The Gaza-based government media office said in a
statement that the number of wounded who arrived at the al-Aqsa Martyrs
Hospital following the massacre at Nuseirat exceeds the hospital’s capacity,
with many wounded lying on the ground without beds, including children.
A survivor of the Nuseirat massacre told Al-Araby TV
in front of one of the hospitals that “thousands of people were in the market
area in the center of Nuseirat buying food, when suddenly we saw helicopters
and quadcopter [drones] over the market area, opening fire.”
Mondoweiss spoke to survivors of the Nuseirat
massacre and documented their testimonies.
The massacre at Nuseirat came only three days after
an Israeli air strike on an UNRWA school, also in Nuseirat, killed 45
Palestinians, including 14 children and nine women.
Regular Mondoweiss contributor and Associate
Professor of Postcolonial and Postmodern Literature at the now-destroyed
al-Aqsa University in Gaza, Haidar Eid, described the reverberations of the
Nusierat massacre in an ode to the refugee camp, where he was born:
Nuseirat is a microcosm of the genocide.
The lives of four white Ashkenazi Israelis are equivalent to the lives of 274
native mothers, doctors, and children.
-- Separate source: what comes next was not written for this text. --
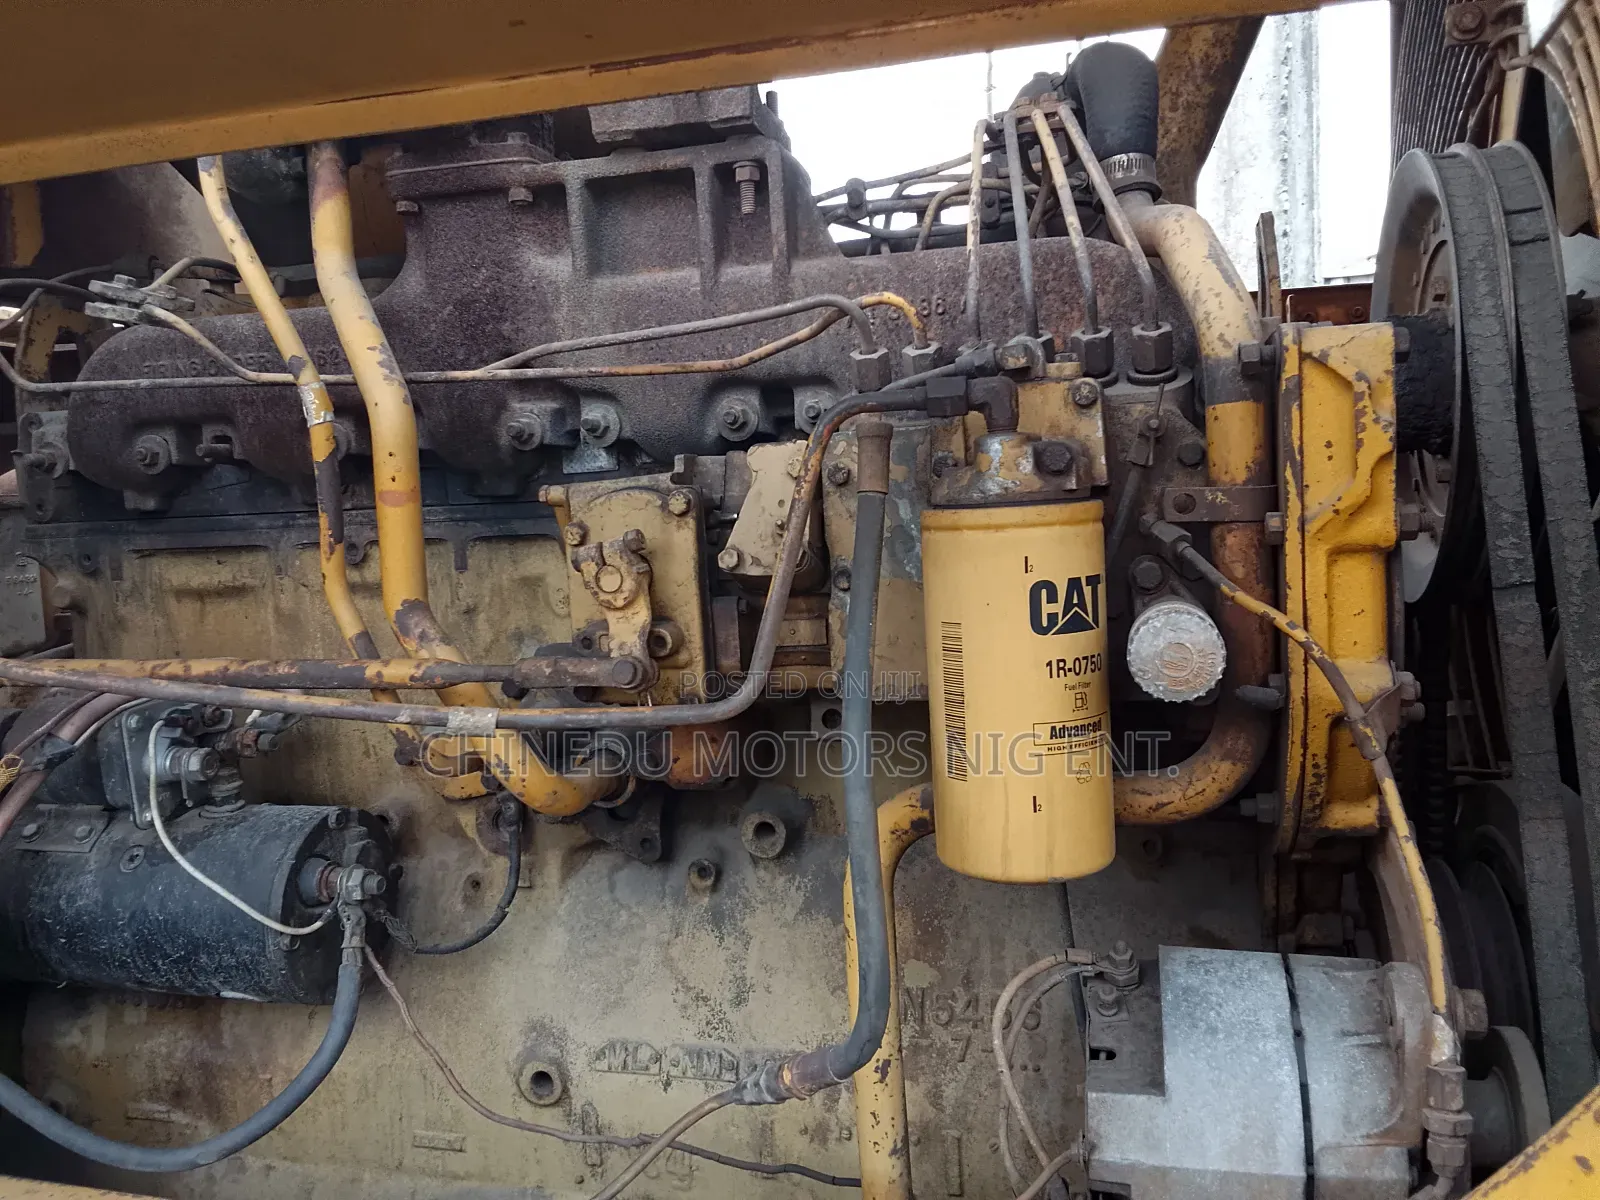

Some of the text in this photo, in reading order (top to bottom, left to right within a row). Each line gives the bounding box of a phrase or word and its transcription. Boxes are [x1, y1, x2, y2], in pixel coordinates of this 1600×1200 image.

[1029, 573, 1102, 636] CAT
[1045, 653, 1102, 679] 1R-0750
[1064, 681, 1092, 692] Fuel Filter
[1049, 717, 1102, 740] Advanced
The white world is celebrating this
“victory” regardless of the “collateral damage,” as long as the victims are not
like “us,” the white gods of this unjust world.
Benny Gantz resigns from war cabinet as
Blinken arrives in the region
Israeli opposition leader Benny Gantz announced his
resignation from the Netanyahu-led war cabinet on Sunday, dealing a political
blow to the Israeli Prime Minister.
Gantz, the main opposition figure to Netanyahu, had
announced back in mid-May that he would resign from the war cabinet on June 8
in disagreement over Netanyahu’s leadership of the current war on the Gaza
Strip.
“Netanyahu prevents us from moving forward to a real
victory,” Gantz said in a televised statement on Sunday. “That is why we are
leaving the emergency government today with a heavy heart, but with a whole
heart.
Gantz also called for early elections to form a new
government, while apologizing to the families of Israeli captives for failing
to free them, calling on Netanyahu to accept the U.S.-proposed ceasefire and
prisoners’ exchange deal.
Gantz’s resignation does not affect Netanyahu’s
government coalition, which relies on a 64-to-120 majority in the Knesset.
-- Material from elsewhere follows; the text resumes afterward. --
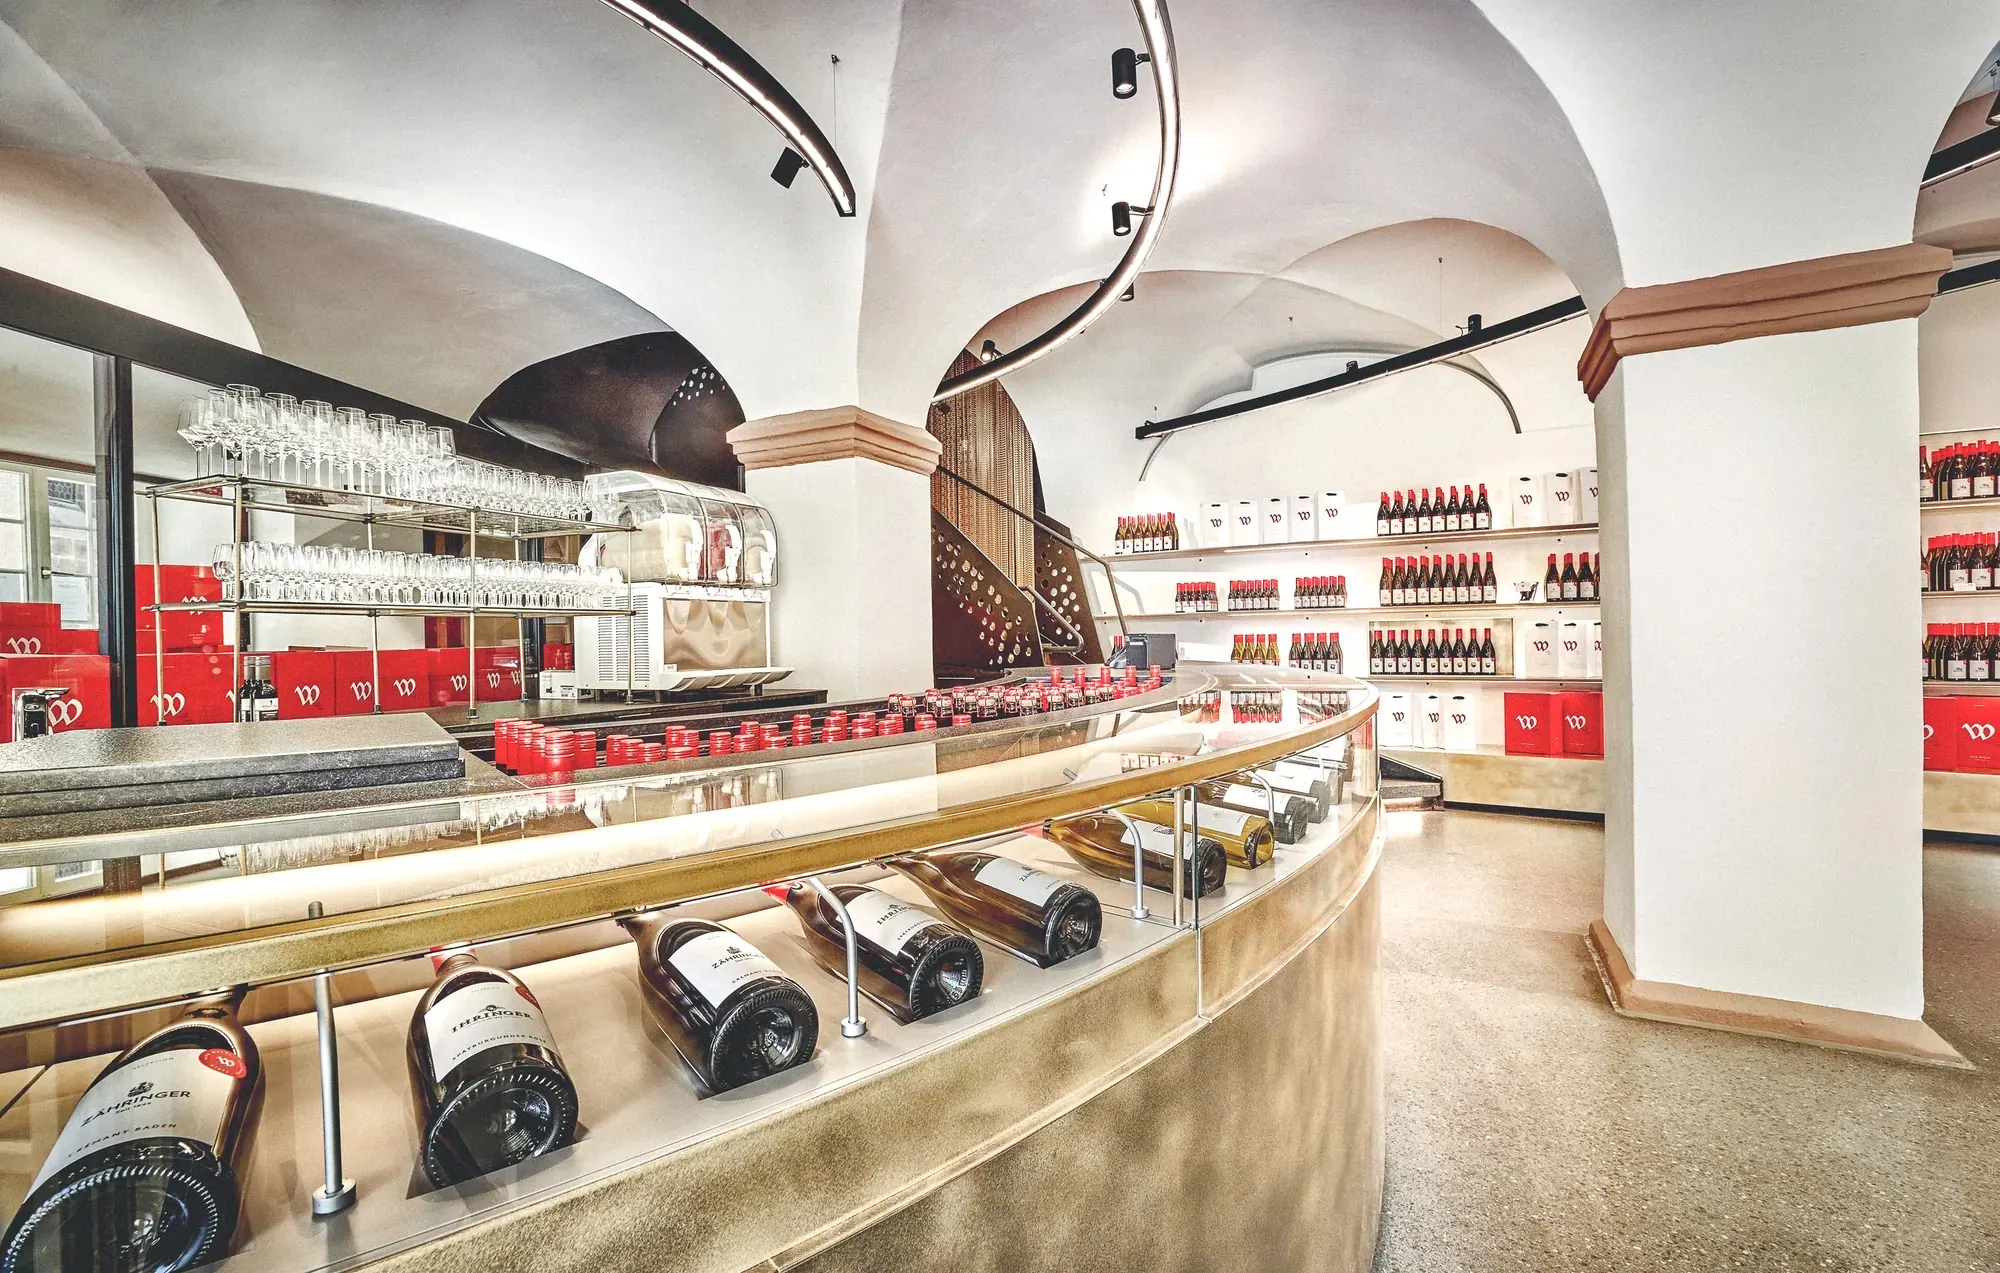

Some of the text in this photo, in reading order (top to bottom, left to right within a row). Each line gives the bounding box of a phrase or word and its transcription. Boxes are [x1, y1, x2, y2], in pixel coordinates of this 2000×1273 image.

[452, 1010, 534, 1034] IHRINGER
[80, 1090, 191, 1128] ZÄHRINGER
[135, 1123, 178, 1132] BADEN
However, his resignation leaves the war leadership without a national
consensus, splitting the Israeli political position on the continuation of the
war.
Meanwhile, U.S. Secretary of State Antony Blinken
arrived in Cairo on Monday, beginning his eighth tour in the region since the
beginning of the current war. Blinken’s visit comes as the U.S. seeks to
achieve a ceasefire and prisoner exchange deal between Hamas and Israel. He is
scheduled to meet Egyptian, Qatari, and Israeli officials.
The U.S. proposal, which Washington claimed was
designed by Israel itself, was announced by Joe Biden in late May, as Israel
faces accusations of genocide, international arrest warrants against its Prime
Minister and war minister, and unilateral recognitions of a Palestinian state
by European countries. The international pressure on Netanyahu’s government has
been coupled with internal protests and accusations of failure in achieving the
war’s objectives.
In the early months of the current war, the U.S.
rejected calls for a ceasefire and supported the continuation of the war,
including by using its veto to block three draft resolutions calling for a
ceasefire at the UN Security Council, allowing the death toll of the Israeli
assault on Gaza to exceed 37,000 Palestinians, most of whom are civilians.